I have been asked to author a book and haven’t been able to blog lately, but here is an excerpt from the draft:
…we spend more money on tennis shoes in this country than we do on recovery. We put one dollar in the basket at an AA meeting while wearing $100 Nike shoes. We have probably worn those shoes in the hospital detox or rehab facility. I know that I have. The brand Nike alone in 2017 was worth 29.6 Billion – that’s just for the name! Annual revenue for the company exceeds 34.4 Billion…
The annual revenue for all U.S. treatment centers was around 25.6 billion…
…what is one person’s voice, opinion or even conveyance of facts worth?
One U.S. apparel company: $34 billion.
14, 500+ U.S. addiction facilities: $26 billion.
Churches in the U.S. rack in 1.2 trillion. If that doesn’t scream that people are searching for a higher power, God or spirituality, I’m not sure what does. “This number is more than the combined revenue of the top 10 technology companies in the country, including Apple, Amazon, and Google.”…
“If you’d like to spend your time in dispute, arguing, or resenting the info – feel free to do so if it helps you. My guess is that it won’t do much except entertain the Devil and grieve the Holy Spirit (which I also believe in).”
15 Are they ashamed of their disgusting actions? Not at all—they don’t even know how to blush! Therefore, they will lie among the slaughtered. They will be brought down when I punish them,” says the Lord.
The shame, remorse, guilt, sorrow, and pain of my regrets have many a time led me straight to the liquor store (or gas station)! In the past, I have “played the tape” over and over and the result was always the same: I am a failure.
People don’t need me.
Employers don’t want me.
And there’s no way that God can love me.
Better drink. I’ll feel better and forget about that sh*t.

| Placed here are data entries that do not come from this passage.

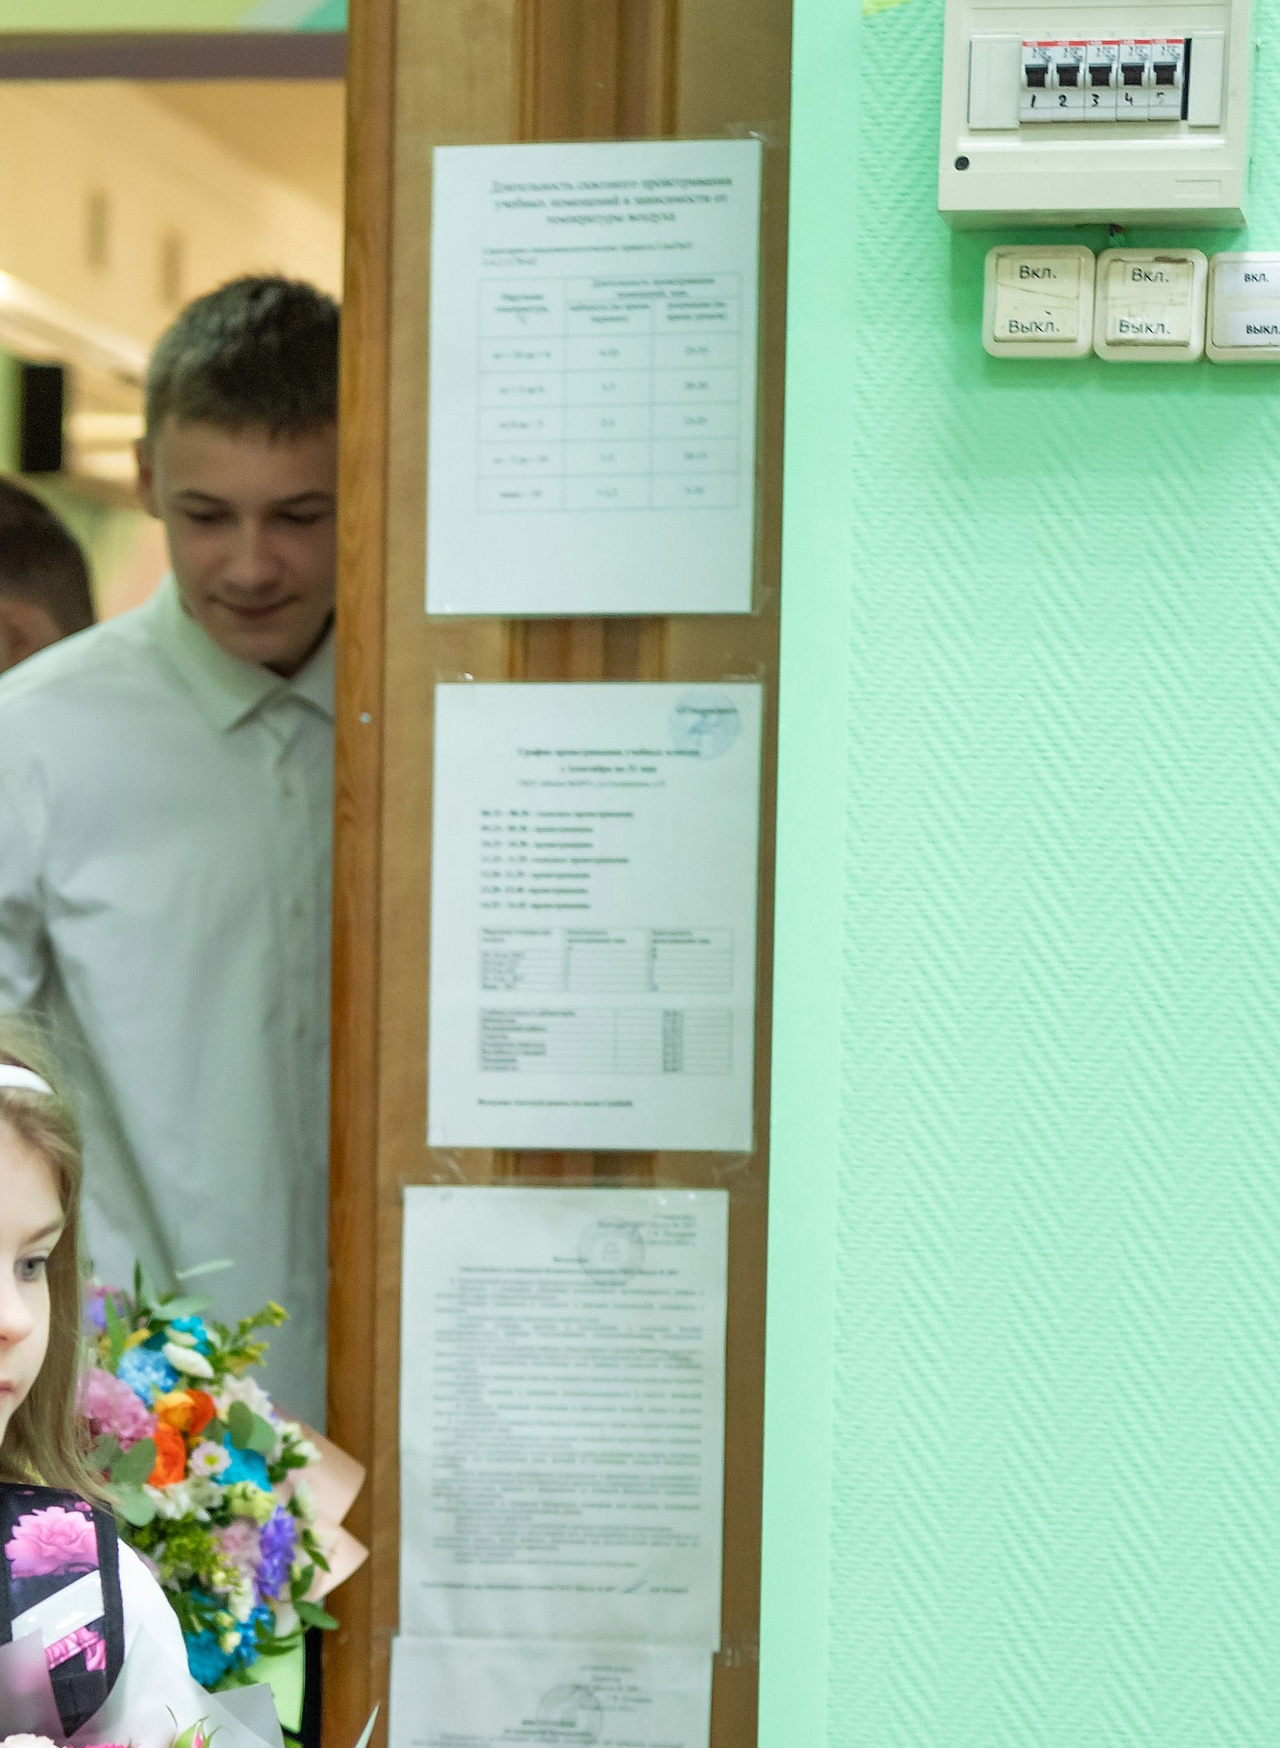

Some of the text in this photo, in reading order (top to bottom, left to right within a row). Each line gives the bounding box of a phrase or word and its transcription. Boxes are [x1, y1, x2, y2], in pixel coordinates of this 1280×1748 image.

[1030, 93, 1037, 108] 1
[1058, 93, 1068, 108] 2
[1091, 93, 1100, 108] 3
[1124, 91, 1134, 106] 4
[1019, 265, 1057, 280] Вкл.
[1131, 267, 1170, 283] Вкл.
[1008, 319, 1061, 334] Выкл.
[1118, 318, 1172, 335] Выкл.
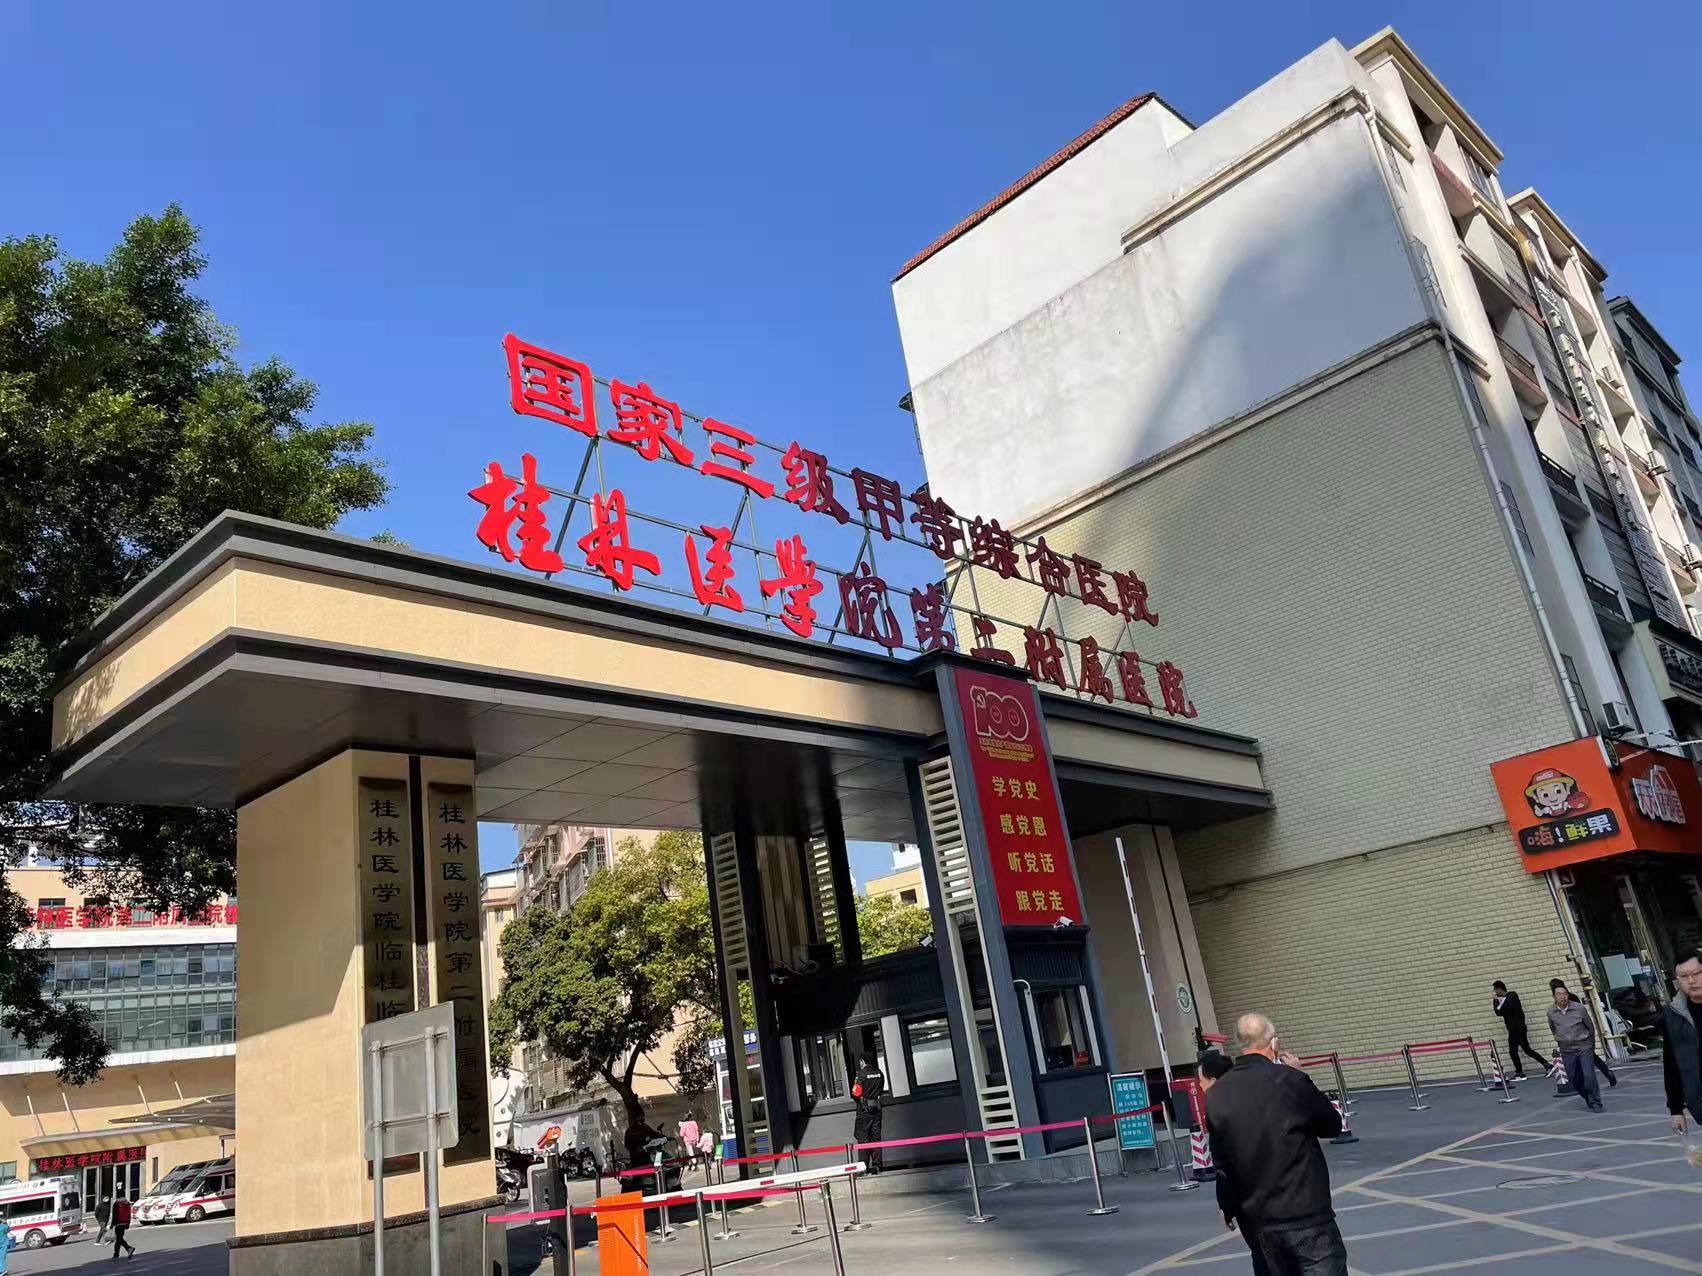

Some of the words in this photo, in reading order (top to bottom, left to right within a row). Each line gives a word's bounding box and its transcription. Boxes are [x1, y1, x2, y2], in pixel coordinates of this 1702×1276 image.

[502, 332, 1159, 627] 国家三级甲等综合医院
[468, 453, 1198, 718] 桂林医学院第二附属医院
[991, 776, 1040, 801] 学党史
[1000, 814, 1047, 837] 感党恩
[1007, 851, 1055, 874] 听党话
[1015, 889, 1065, 913] 跟党走

That works, we all know it or we wouldn’t do it.
But wait a second… If I read the Bible verse above, isn’t God Himself angry at these people (referring to the people of Judah who won’t listen to God’s repeated warnings) for NOT being ashamed?
In fact, they were hard headed and spent 40 years wandering around the desert instead of just listening to God in the first place. How long am I going to “wander around in the desert” before I listen? It is important to know that their decision killed some of them, but at the end of the day (when they decided to change) God redeemed them!

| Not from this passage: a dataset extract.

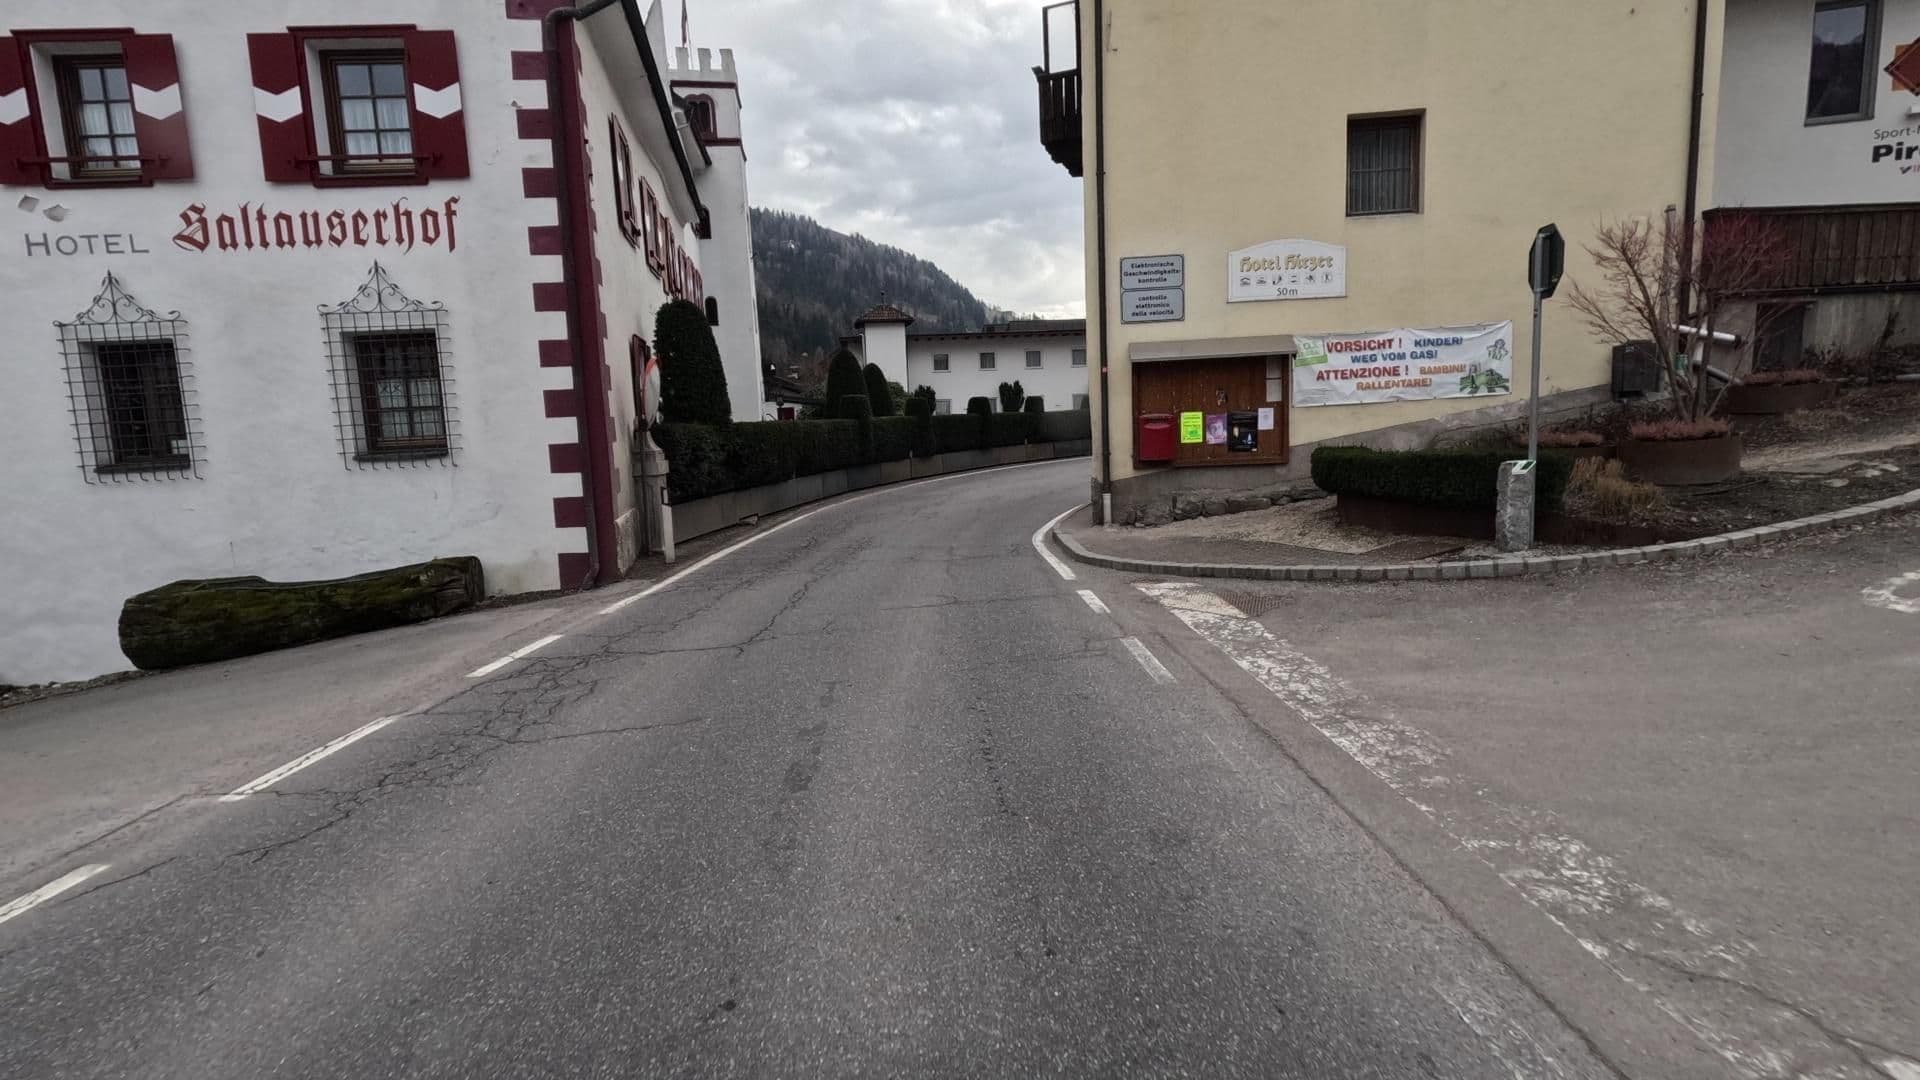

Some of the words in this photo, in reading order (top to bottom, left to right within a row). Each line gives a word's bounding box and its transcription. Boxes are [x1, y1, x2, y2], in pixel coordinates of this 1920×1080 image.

The old me firmly believed that alcohol (and sometimes money) was the only solution for soothing my terrible emotions brought on by regretful actions AND this is important: Those regrets were caused by my solution!

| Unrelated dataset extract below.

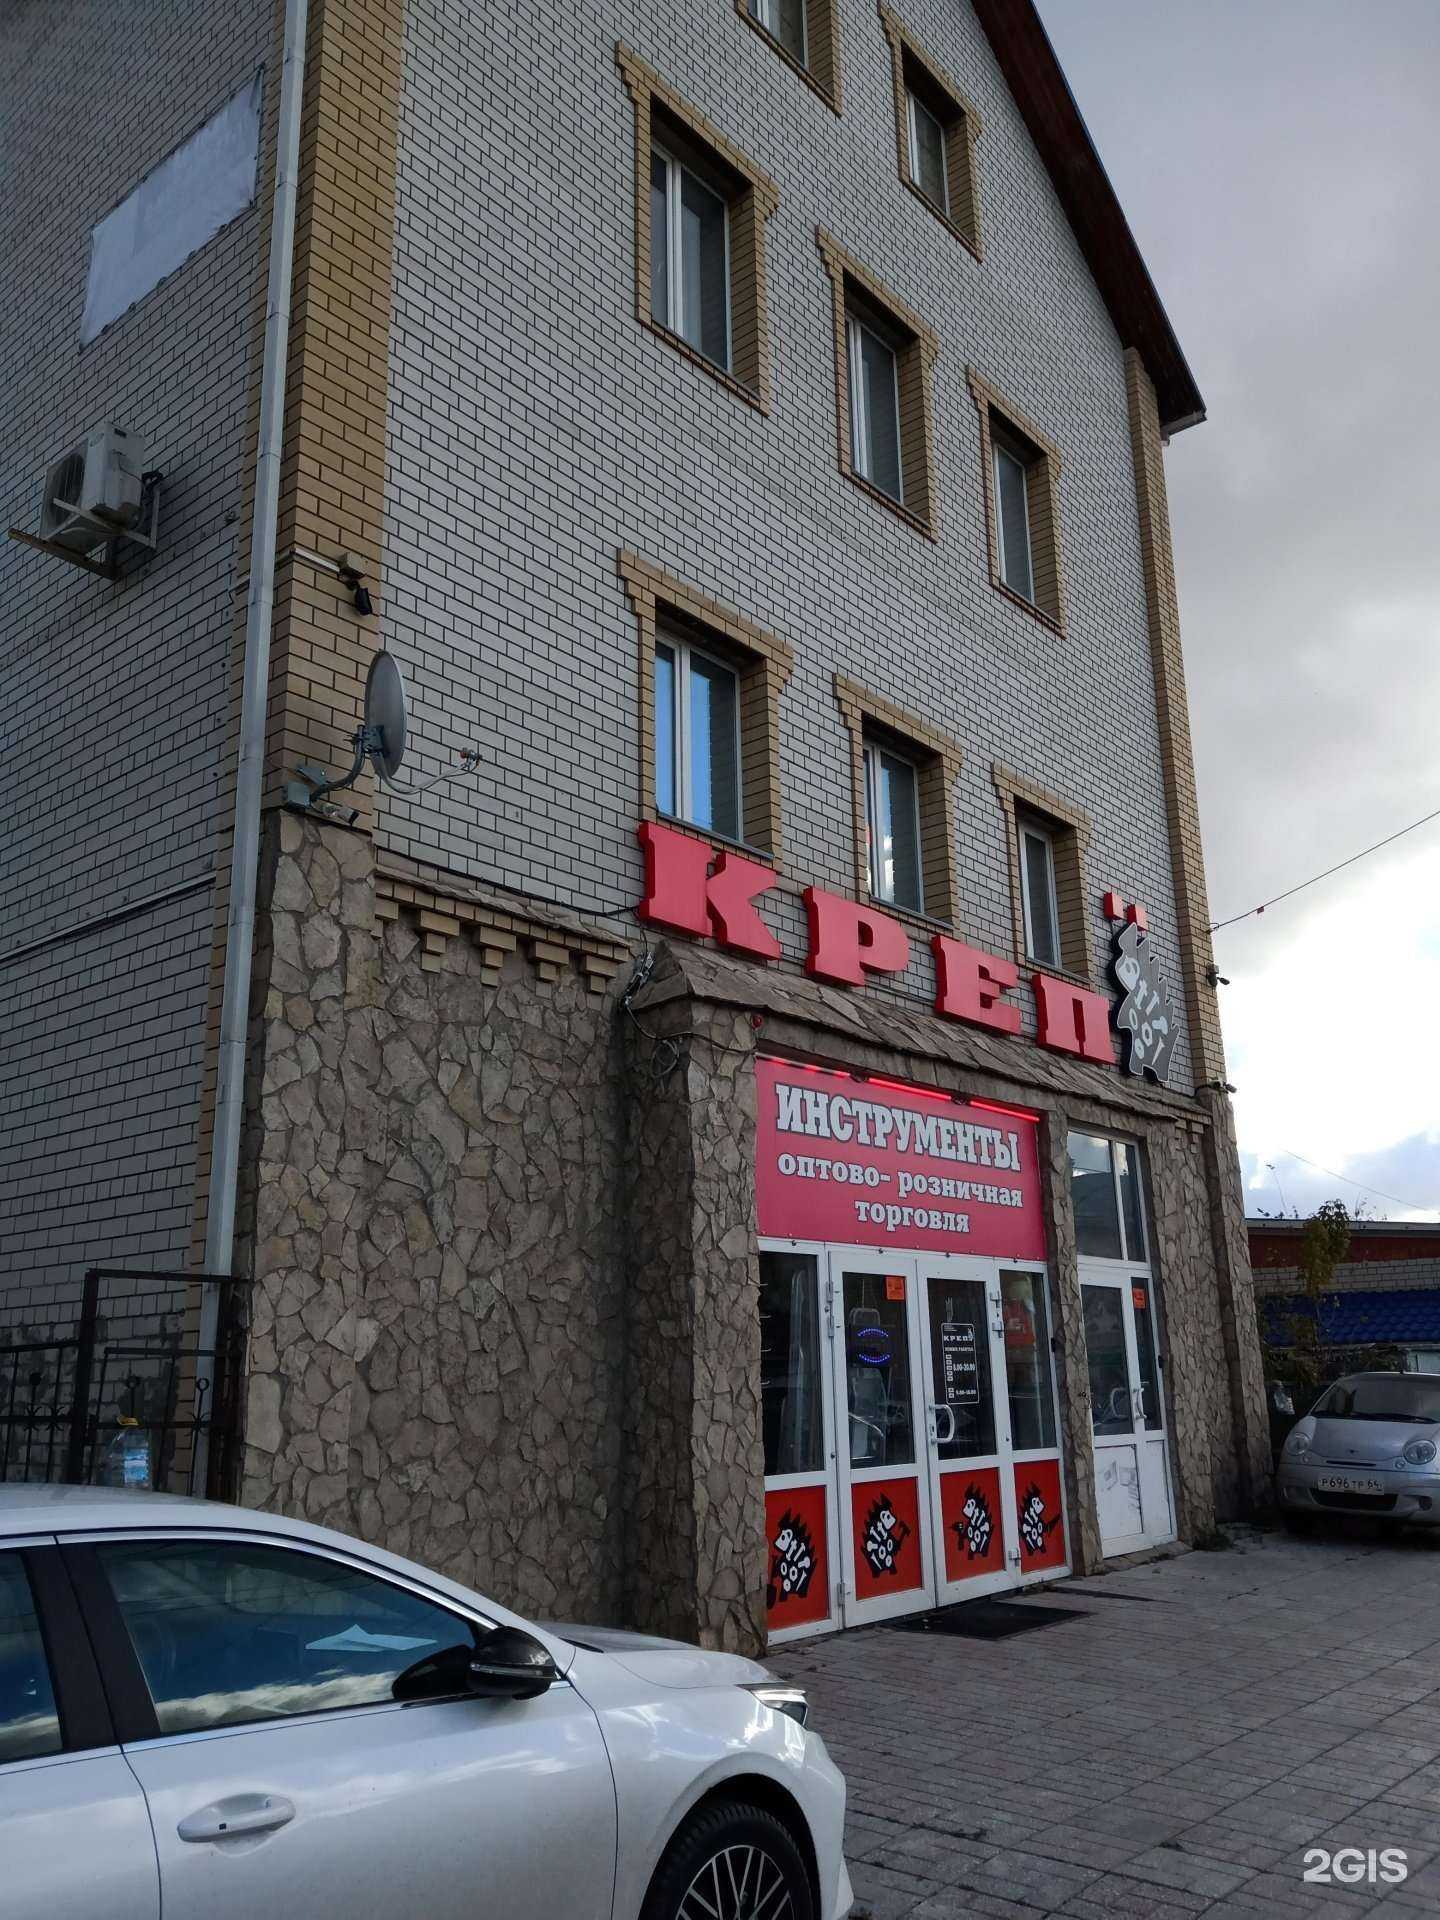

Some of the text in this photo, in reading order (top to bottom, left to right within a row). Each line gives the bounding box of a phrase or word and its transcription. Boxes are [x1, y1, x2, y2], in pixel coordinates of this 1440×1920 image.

[775, 1083, 1022, 1172] ИНСТРУМЕНТЫ
[898, 1171, 1023, 1208] розничная
[855, 1200, 970, 1233] торговля

Being that I am fairly new in sobriety “this time around” and that I don’t know everything there is to know about the Bible, I have two choices:
Plan A: Drink.
Plan B: Verify this new solution, and CHANGE my old ways.
I am ready to minimize my possible future regrets, so I choose B.
18 “But forget all that—it is nothing compared to what I am going to do. 19 For I am about to do something new.See, I have already begun! Do you not see it? I will make a pathway through the wilderness. I will create rivers in the dry wasteland.
2 Corinthians 7:10
10 For the kind of sorrow God wants us to experience leads us away from sin and results in salvation. There’s no regret for that kind of sorrow. But worldly sorrow, which lacks repentance, results in spiritual death.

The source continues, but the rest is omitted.